NY’s Schumer asks FBI, FTC to probe Russia's FaceApp over security concerns: U.S. Senate minority leader Chuck Schumer called on the FBI and the Federal Trade Commission to conduct a national security and privacy investigation into FaceApp, a face-editing photo app developed in Russia, in a letter sent on Wednesday.

The viral smartphone application, which has seen a new surge of popularity due to a filter that ages photos of users' faces, requires "full and irrevocable access to their personal photos and data," which could pose "national security and privacy risks for millions of U.S. citizens," Schumer said in his letter to FBI Director Christopher Wray and FTC Chairman Joe Simons. [Reuters]

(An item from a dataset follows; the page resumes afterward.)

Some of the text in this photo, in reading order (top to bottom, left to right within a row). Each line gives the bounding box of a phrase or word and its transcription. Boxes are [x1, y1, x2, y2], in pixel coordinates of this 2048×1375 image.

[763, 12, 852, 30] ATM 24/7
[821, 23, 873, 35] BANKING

Trump expressed concern about Pentagon cloud-computing deal: President Donald Trump recently demanded more information about how the Pentagon crafted a massive cloud-computing contract it’s poised to award to (AMZN) or Microsoft (MSFT), in order to decide whether he should intervene.

The Defense Department is set to give the contract, worth as much as $10 billion over ten years, to one of the two companies next month. Amazon, whose cloud-computing technology leads the market, is seen as the favorite. [Bloomberg]

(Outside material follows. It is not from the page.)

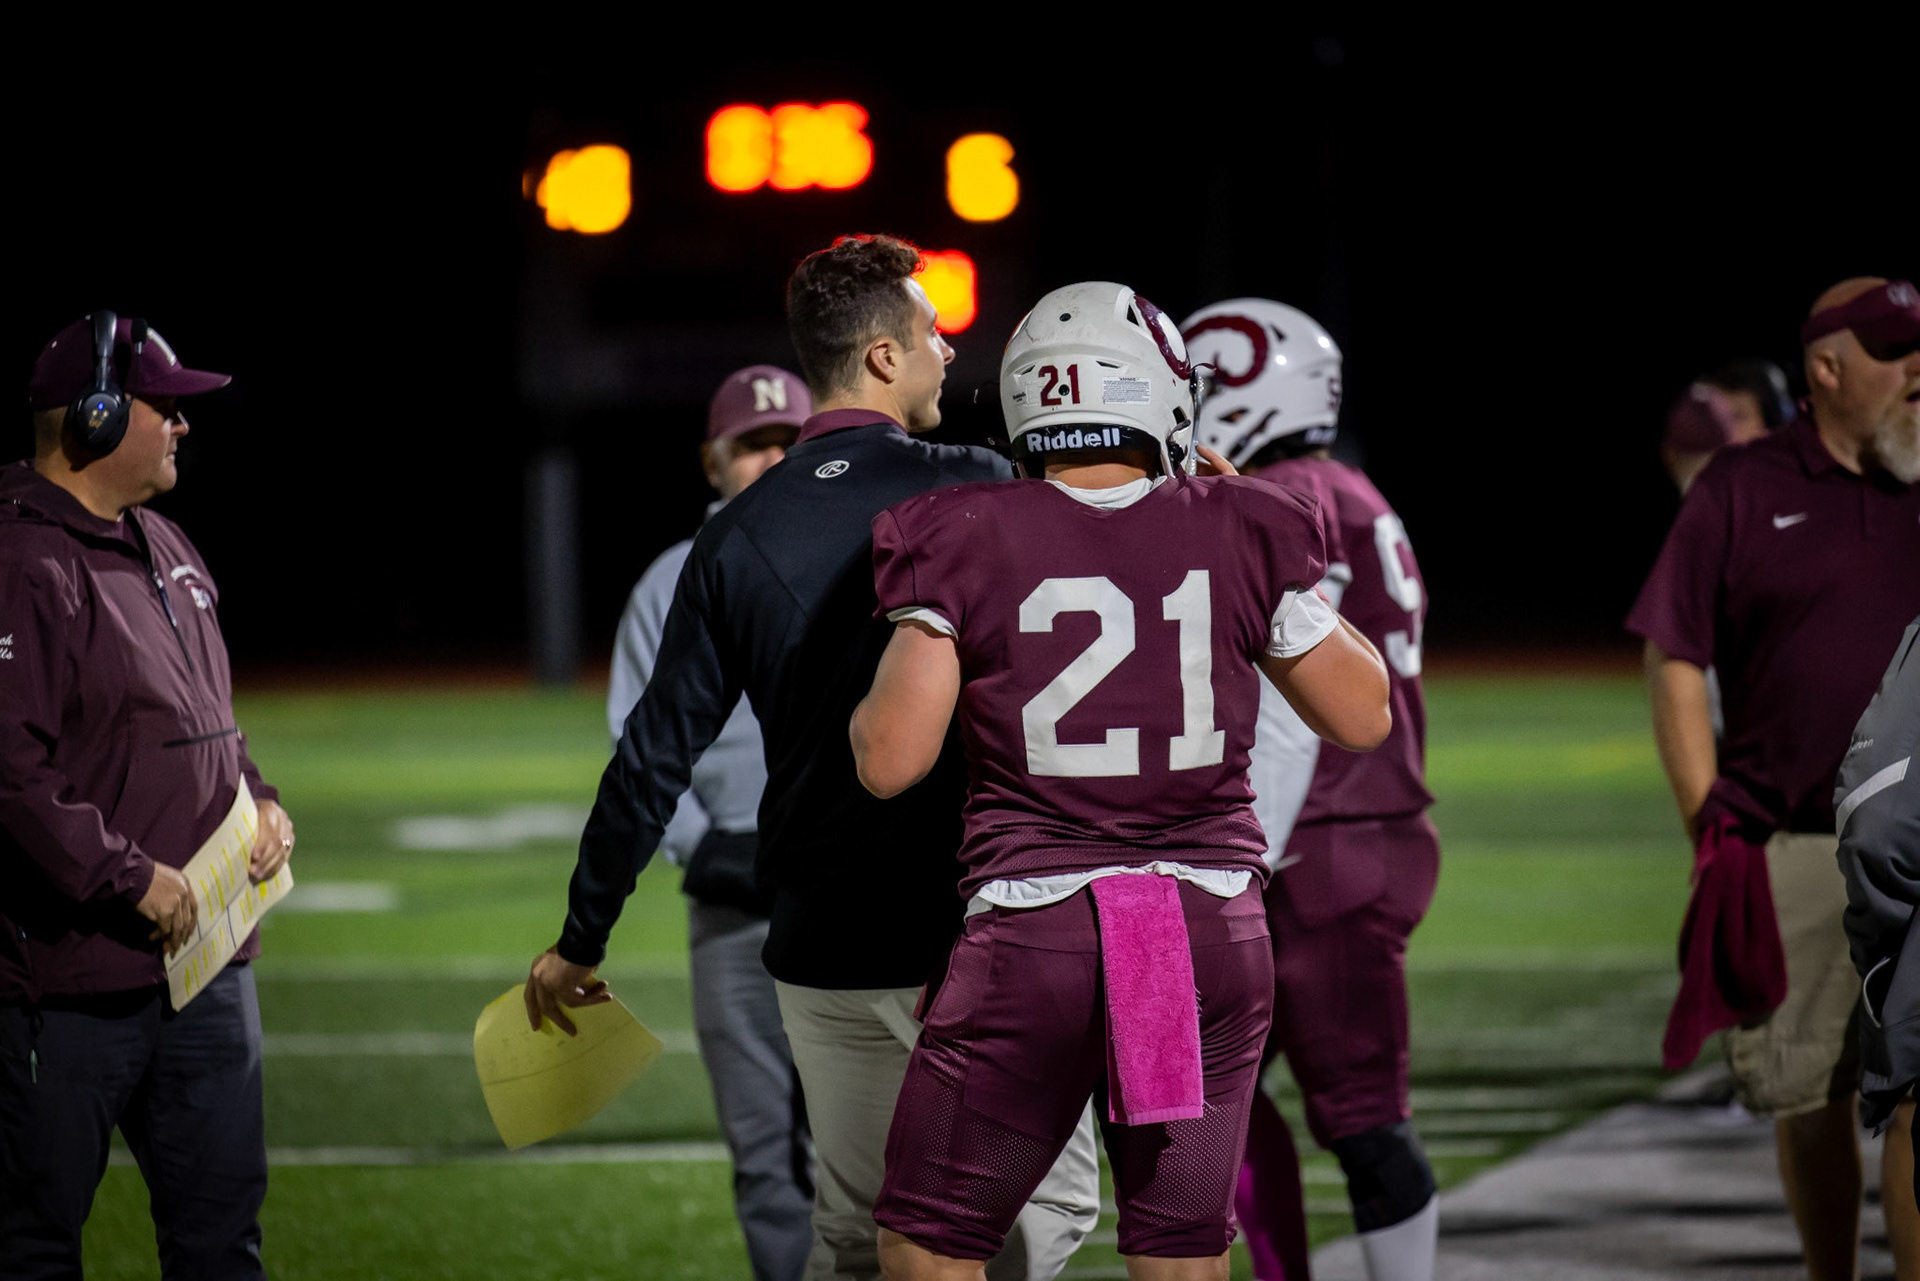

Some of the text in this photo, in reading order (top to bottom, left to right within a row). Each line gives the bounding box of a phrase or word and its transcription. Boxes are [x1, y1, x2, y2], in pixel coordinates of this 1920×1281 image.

[751, 378, 786, 412] N
[1038, 364, 1080, 407] 21
[1026, 427, 1120, 453] Riddell
[1019, 569, 1226, 777] 21

Boeing to pay families affected by 737MAX crash: Boeing (BA) said on Wednesday it will dedicate half of a $100 million fund it created after two crashes of its 737 MAX planes to provide payments to families of those killed, with veteran U.S. compensation expert Ken Feinberg hired by the world's largest plane maker to oversee the distribution. [Reuters]

New fight over debt ceiling spooks Wall Street: The statutory limit caps the amount America can borrow — at least in theory — at just over $22 trillion — and must be raised to avoid default within the next few months.

Congress is scrambling to put together a vote to hike the ceiling ahead of its summer recess in August, and Treasury Secretary Steven Mnuchin recently warned that the government could run out of money as early as September.

Mnuchin has indicated a deal between the Trump administration and the Democrats who control the House of Representatives is close, but market observers aren’t nearly as optimistic. [Yahoo Finance]

IBM profit drops as weak legacy businesses offset cloud growth: International Business Machines (IBM) posted a 4.2% fall in quarterly revenue, in line with analysts' estimates, as weakness in its legacy businesses of selling hardware and software offset growth in its high-margin cloud computing unit.

The Armonk, New York-based technology services giant, which wrapped up the mega cloud merger with Linux maker Red Hat Inc last week, faced years of revenue declines while it shifted focus to the cloud business, away from established businesses such as mainframe servers.